-- How to complete this task --
Transcribe the records that follow, keeping every word as it stands.

-- Supplied material --

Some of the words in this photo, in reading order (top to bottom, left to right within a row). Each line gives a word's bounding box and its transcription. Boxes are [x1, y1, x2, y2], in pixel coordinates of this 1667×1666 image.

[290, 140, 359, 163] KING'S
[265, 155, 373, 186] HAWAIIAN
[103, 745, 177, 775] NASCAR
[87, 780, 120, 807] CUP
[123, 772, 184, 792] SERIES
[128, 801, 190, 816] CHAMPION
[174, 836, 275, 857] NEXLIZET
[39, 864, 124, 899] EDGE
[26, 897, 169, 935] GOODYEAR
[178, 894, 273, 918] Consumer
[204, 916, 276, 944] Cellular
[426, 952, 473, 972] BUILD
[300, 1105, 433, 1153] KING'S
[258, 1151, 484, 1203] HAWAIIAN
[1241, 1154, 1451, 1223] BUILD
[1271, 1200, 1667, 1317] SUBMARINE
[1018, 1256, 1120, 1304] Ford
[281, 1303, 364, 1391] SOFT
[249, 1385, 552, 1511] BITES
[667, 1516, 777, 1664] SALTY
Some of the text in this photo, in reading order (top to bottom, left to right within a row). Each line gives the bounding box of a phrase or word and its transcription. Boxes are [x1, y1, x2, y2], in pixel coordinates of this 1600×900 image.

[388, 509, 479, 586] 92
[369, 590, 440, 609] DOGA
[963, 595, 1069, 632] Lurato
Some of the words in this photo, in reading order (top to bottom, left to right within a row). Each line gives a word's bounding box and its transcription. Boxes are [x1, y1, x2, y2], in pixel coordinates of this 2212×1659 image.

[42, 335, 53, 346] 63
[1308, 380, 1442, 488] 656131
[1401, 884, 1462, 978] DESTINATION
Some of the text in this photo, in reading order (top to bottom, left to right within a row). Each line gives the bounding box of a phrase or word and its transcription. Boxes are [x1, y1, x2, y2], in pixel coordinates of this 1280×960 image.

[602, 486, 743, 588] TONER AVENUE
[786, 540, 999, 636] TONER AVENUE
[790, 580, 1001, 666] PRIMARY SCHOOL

-- Answer box --
Some of the words in this photo, in reading order (top to bottom, left to right within a row). Each line gives a word's bounding box and its transcription. Boxes are [x1, y1, x2, y2], in pixel coordinates of this 1667×1666 image.

[290, 140, 359, 163] KING'S
[265, 155, 373, 186] HAWAIIAN
[103, 745, 177, 775] NASCAR
[87, 780, 120, 807] CUP
[123, 772, 184, 792] SERIES
[128, 801, 190, 816] CHAMPION
[174, 836, 275, 857] NEXLIZET
[39, 864, 124, 899] EDGE
[26, 897, 169, 935] GOODYEAR
[178, 894, 273, 918] Consumer
[204, 916, 276, 944] Cellular
[426, 952, 473, 972] BUILD
[300, 1105, 433, 1153] KING'S
[258, 1151, 484, 1203] HAWAIIAN
[1241, 1154, 1451, 1223] BUILD
[1271, 1200, 1667, 1317] SUBMARINE
[1018, 1256, 1120, 1304] Ford
[281, 1303, 364, 1391] SOFT
[249, 1385, 552, 1511] BITES
[667, 1516, 777, 1664] SALTY
Some of the text in this photo, in reading order (top to bottom, left to right within a row). Each line gives the bounding box of a phrase or word and its transcription. Boxes are [x1, y1, x2, y2], in pixel coordinates of this 1600×900 image.

[388, 509, 479, 586] 92
[369, 590, 440, 609] DOGA
[963, 595, 1069, 632] Lurato
Some of the words in this photo, in reading order (top to bottom, left to right within a row). Each line gives a word's bounding box and its transcription. Boxes are [x1, y1, x2, y2], in pixel coordinates of this 2212×1659 image.

[42, 335, 53, 346] 63
[1308, 380, 1442, 488] 656131
[1401, 884, 1462, 978] DESTINATION
Some of the text in this photo, in reading order (top to bottom, left to right within a row). Each line gives the bounding box of a phrase or word and its transcription. Boxes are [x1, y1, x2, y2], in pixel coordinates of this 1280×960 image.

[602, 486, 743, 588] TONER AVENUE
[786, 540, 999, 636] TONER AVENUE
[790, 580, 1001, 666] PRIMARY SCHOOL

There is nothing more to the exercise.